A set of proposed regulations that would apply to tattoo artists and body piercers in D.C. could violate federal law.

Tucked in the 66 pages worth of regulations proposed by the D.C. Department of Health in late August is a rule that would require tattoo artists and body piercers to deny service to customers that “may have a communicable disease, skin diseases or other conditions posing public health concerns” and refer them to a doctor.

That rule, though, would likely violate a provision of the Americans With Disabilities Act that forbids most businesses from refusing service to people with communicable diseases such as HIV/AIDS.

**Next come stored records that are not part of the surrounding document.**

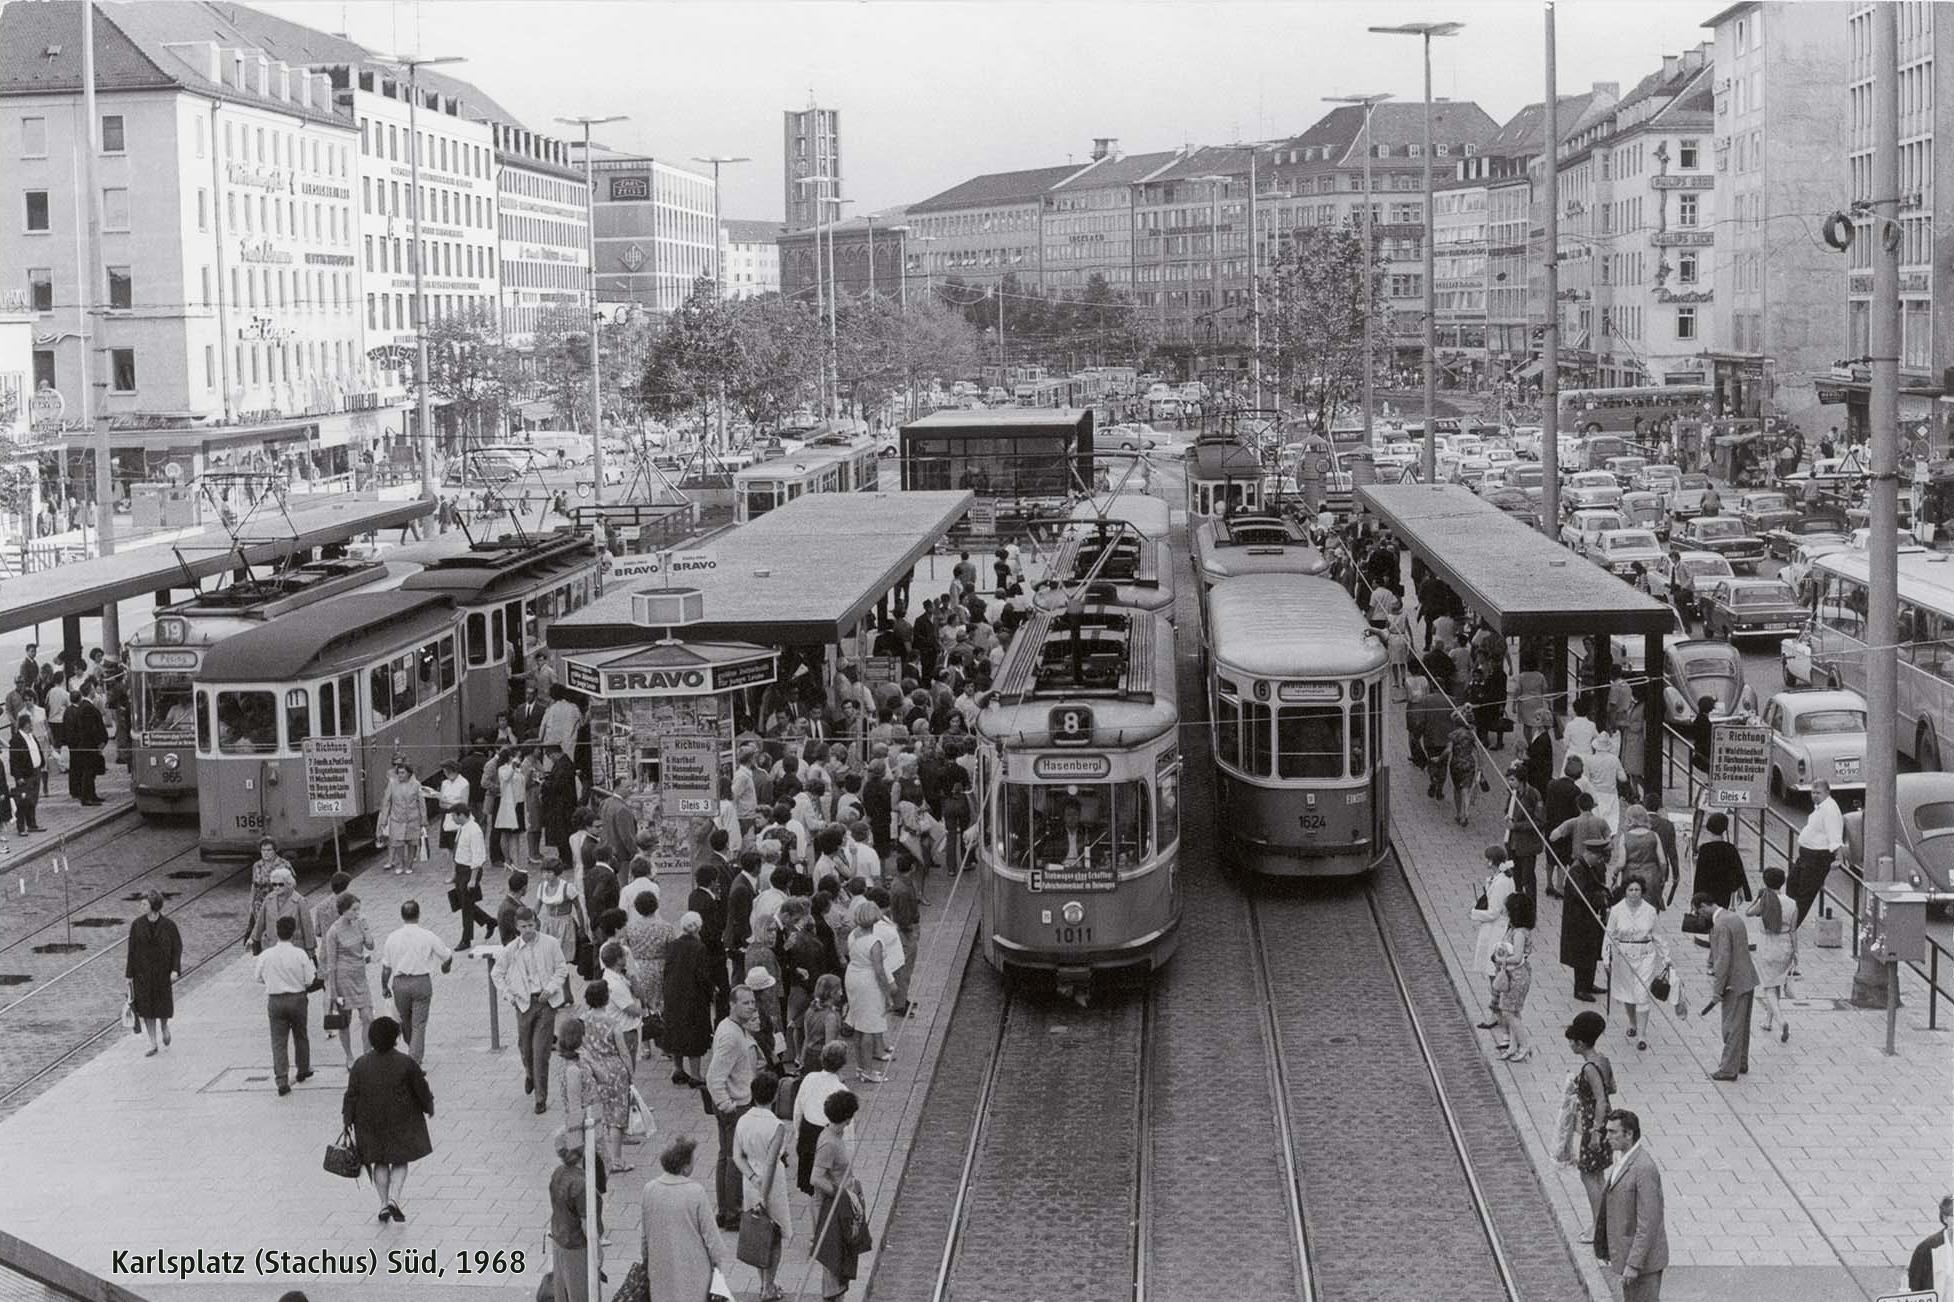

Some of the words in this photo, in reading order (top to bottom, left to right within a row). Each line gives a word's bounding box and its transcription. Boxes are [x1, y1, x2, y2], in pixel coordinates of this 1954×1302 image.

[1765, 418, 1776, 432] P
[614, 565, 659, 577] BRAVO
[673, 561, 717, 571] BRAVO
[162, 622, 181, 639] 19
[607, 671, 705, 690] BRAVO
[1259, 683, 1266, 697] 6
[288, 689, 299, 706] 11
[1064, 712, 1079, 734] 8
[1729, 731, 1765, 744] Richtung
[316, 742, 347, 753] Richtung
[674, 740, 710, 752] Richtung
[1043, 760, 1102, 772] Hasenbergl
[1723, 773, 1754, 782] Grünwald
[1720, 792, 1739, 801] Gleis
[1742, 792, 1747, 800] 4
[316, 801, 333, 811] Gleis
[334, 801, 340, 811] 2
[681, 800, 700, 810] Gleis
[703, 800, 709, 810] 3
[1299, 816, 1326, 828] 1624
[1031, 872, 1040, 890] E
[1056, 928, 1091, 943] 1011

“That type of categorical barrier… could only be justified if there was a threat of transmission,” says Rose Saxe, a senior staff lawyer with the ACLU’s HIV/AIDS Project. If a business can take precautions to prevent transmission, she adds, service cannot be denied.

The Department of Justice notes that if standard precautions are taken, a denial of service would be a violation of ADA. (Dentists, it cites as an example, cannot deny service on a health status alone.) Tattoo artists in D.C., which are currently unregulated, say they follow industry standards when it comes to communicable diseases, including the use of gloves and single-use needles and the sterilization of equipment.

“The health risks are not coming from the established shops, but all the kids that are tattooing out of their garage,” says Mark Markus, who owns Embassy Tattoo in Adams Morgan and says he treats all customers the same—as if they all had communicable diseases.

Officials from the D.C. Department of Health were not immediately available for comment.

The proposed rules would also require tattoo artists and body piercers to take the very steps that would limit transmission of communicable diseases to begin with: use only single-use items such as needles, sterilize all implements and use gloves and aprons while working on customers. They would also mandate that tattoo artists and body piercers be vaccinated against Hepatitis B and that customers sign consent forms on which they would have to admit to any diseases or medical conditions.

The rules would also impose a 24-hour waiting period between when a tattoo or piercing is requested and when it is given, though city officials say that the waiting period has less to do with health and more to do with preventing “impulse” body art.

Neither Virginia nor Maryland include regulations related to any communicable disease carried by a customer, but rather mandate that basic precautions be taken to prevent the transmission of any blood-borne pathogen.

According to the Centers for Disease Control, only 260 of the 32,000 cases of HIV/AIDS transmission in 2011 came from “other” sources, which include hemophilia, blood transfusions, perinatal exposure, and unidentified exposures. The CDC also says that other communicable diseases like hepatitis are rarely spread through tattooing or piercing at established shops.

In testimony to the D.C. Council in 2011 on tattoo and piercing regulations, Dr. Gary Simon, the director of infectious disease at The George Washington University Medical Faculty Associates, testified that the risk of transmission of communicable diseases could be mitigated.

“With proper techniques the risk of [transmission] can be virtually eliminated,” he said.